> [REQUIREMENT]:
Copy out the data in full and exactly, passing over the pictures.

_ _ _ _

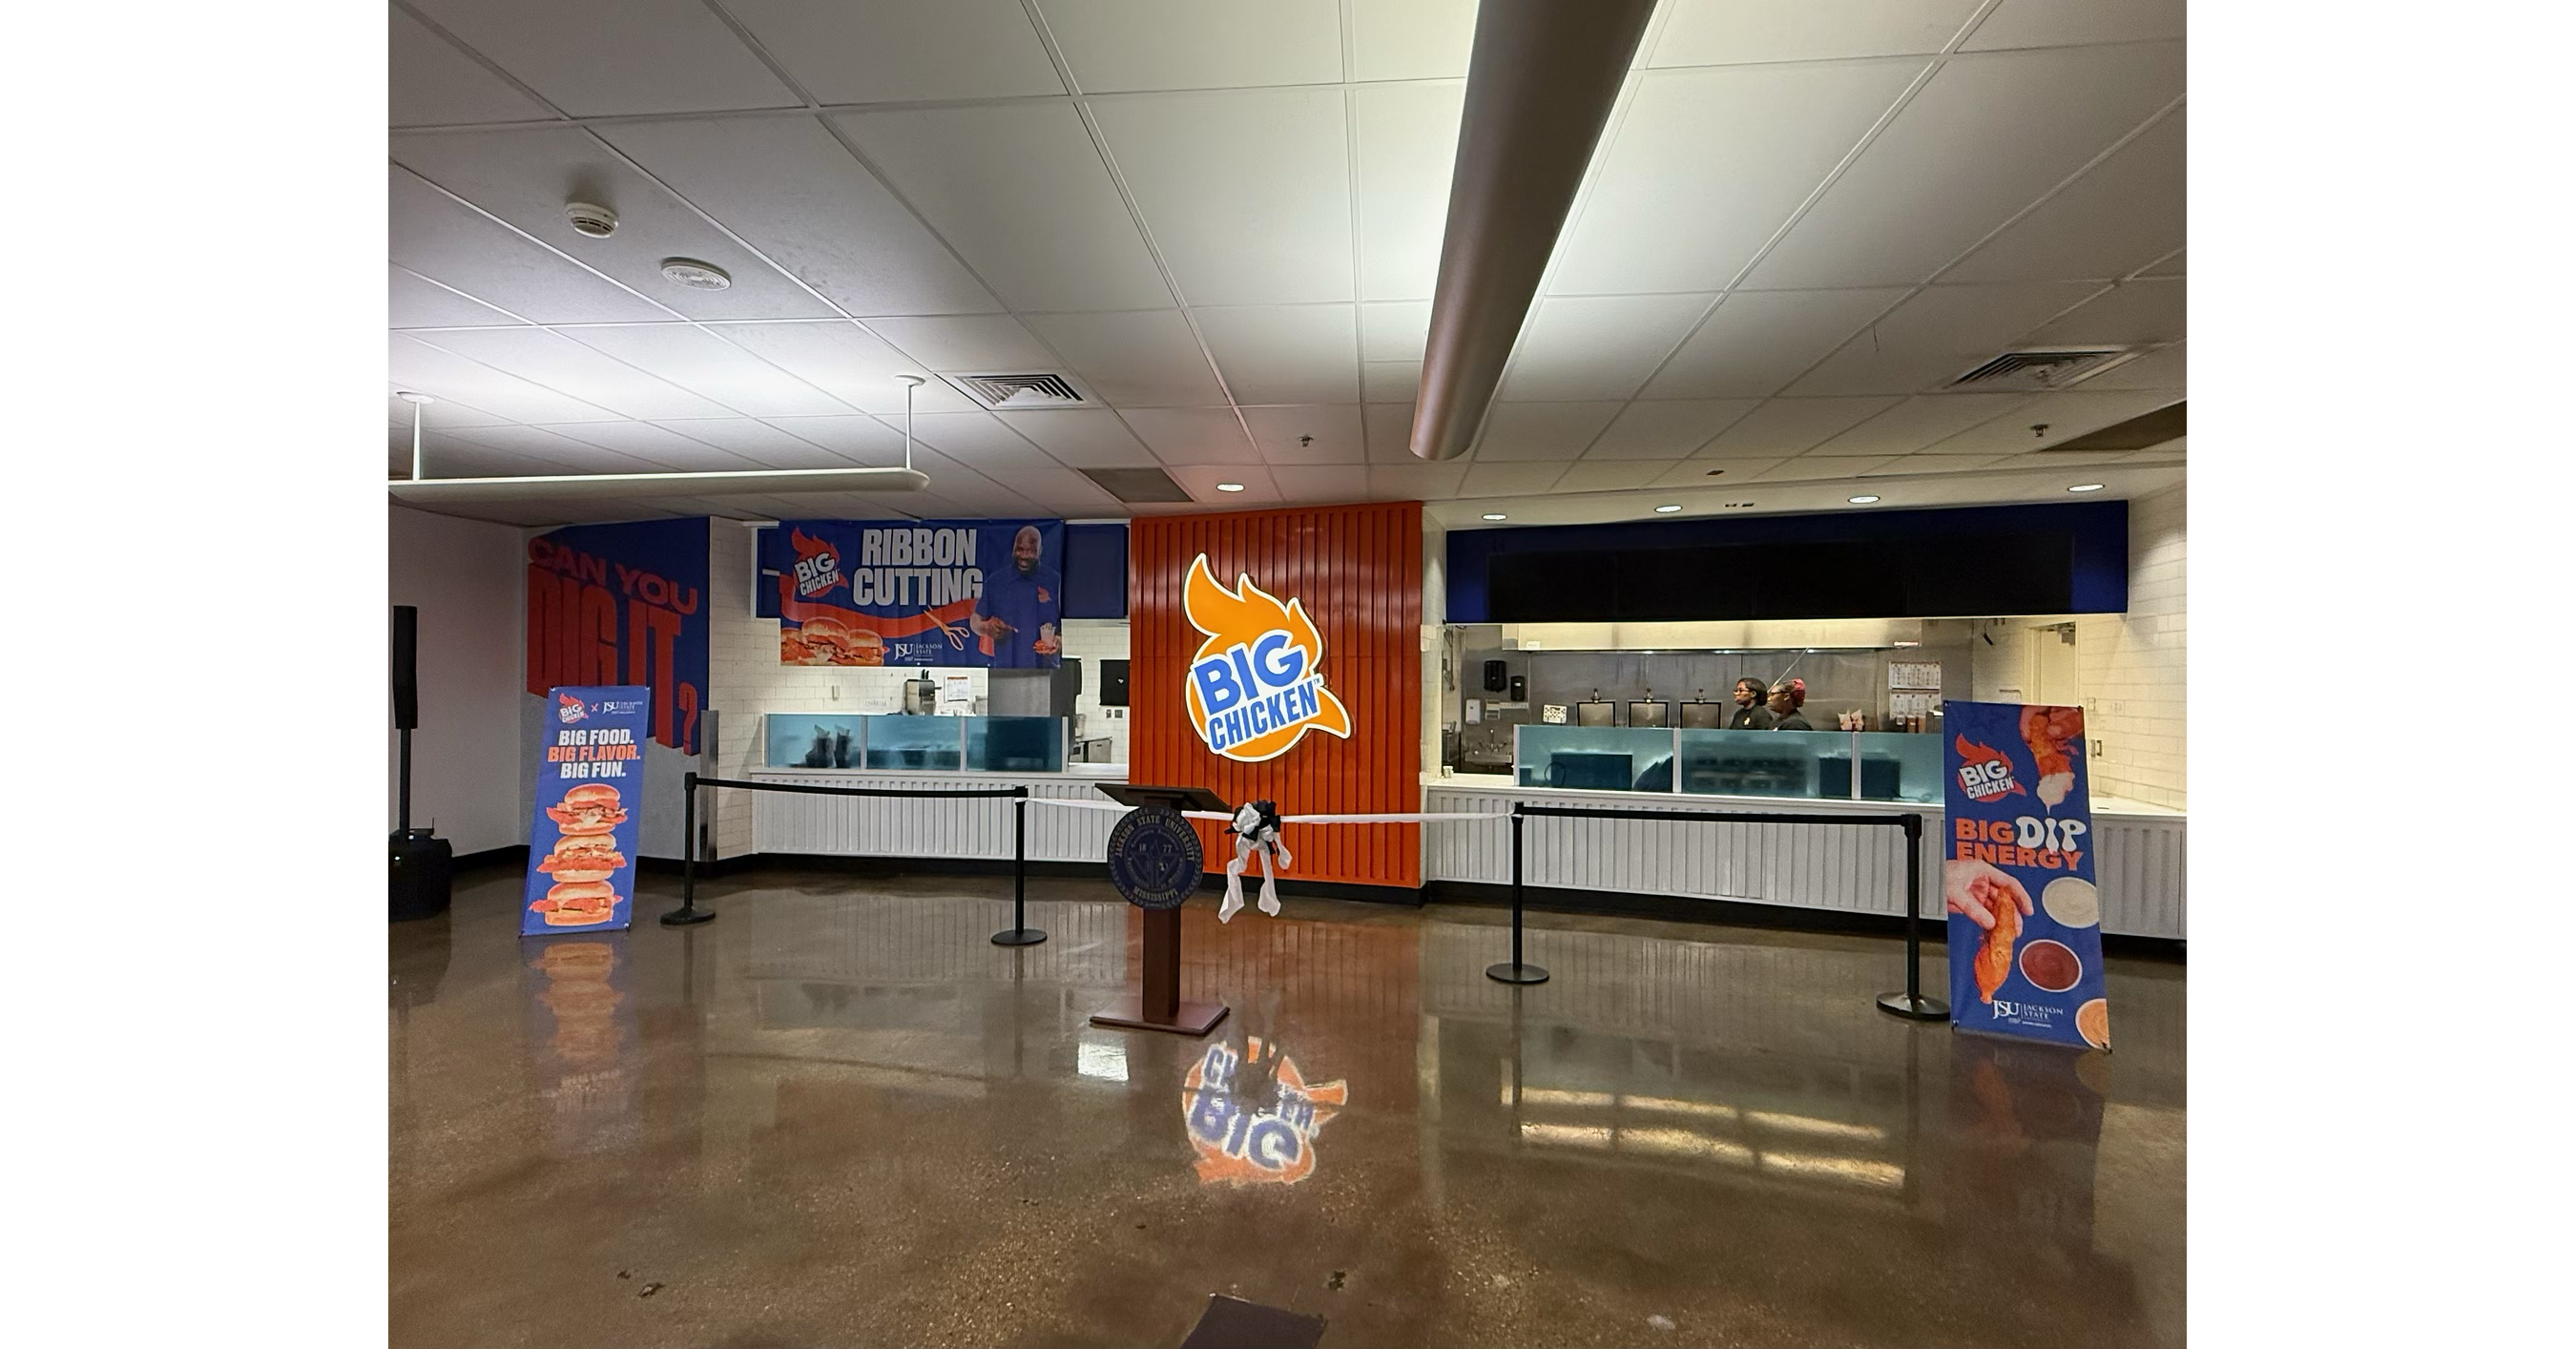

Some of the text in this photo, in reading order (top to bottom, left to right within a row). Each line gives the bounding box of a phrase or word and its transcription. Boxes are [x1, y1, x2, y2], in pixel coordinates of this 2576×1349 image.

[862, 529, 978, 566] RIBBON
[529, 536, 698, 615] CAN YOU
[794, 552, 835, 583] BIG
[800, 570, 840, 596] CHICKEN
[853, 568, 984, 606] CUTTING
[527, 562, 618, 699] DIG
[894, 643, 914, 661] JSU
[1194, 634, 1304, 716] BIG
[559, 704, 583, 717] BIG
[1208, 680, 1319, 751] CHICKEN
[558, 729, 634, 746] BIG FOOD.
[548, 745, 641, 762] BIG FLAVOR.
[560, 762, 627, 778] BIG FUN.
[1959, 760, 2007, 787] BIG
[1966, 778, 2015, 799] CHICKEN
[1136, 815, 1161, 824] STATE
[1165, 819, 1195, 861] UNIVERSITY
[1955, 816, 2087, 852] BIG DIP
[1956, 841, 2084, 871] ENERGY
[1132, 885, 1179, 903] MISSISSIPPI
[1992, 1000, 2064, 1019] JSU JACKSON

_ _ _ _

> [ANSWER BOX]:
Some of the text in this photo, in reading order (top to bottom, left to right within a row). Each line gives the bounding box of a phrase or word and its transcription. Boxes are [x1, y1, x2, y2], in pixel coordinates of this 2576×1349 image.

[862, 529, 978, 566] RIBBON
[529, 536, 698, 615] CAN YOU
[794, 552, 835, 583] BIG
[800, 570, 840, 596] CHICKEN
[853, 568, 984, 606] CUTTING
[527, 562, 618, 699] DIG
[894, 643, 914, 661] JSU
[1194, 634, 1304, 716] BIG
[559, 704, 583, 717] BIG
[1208, 680, 1319, 751] CHICKEN
[558, 729, 634, 746] BIG FOOD.
[548, 745, 641, 762] BIG FLAVOR.
[560, 762, 627, 778] BIG FUN.
[1959, 760, 2007, 787] BIG
[1966, 778, 2015, 799] CHICKEN
[1136, 815, 1161, 824] STATE
[1165, 819, 1195, 861] UNIVERSITY
[1955, 816, 2087, 852] BIG DIP
[1956, 841, 2084, 871] ENERGY
[1132, 885, 1179, 903] MISSISSIPPI
[1992, 1000, 2064, 1019] JSU JACKSON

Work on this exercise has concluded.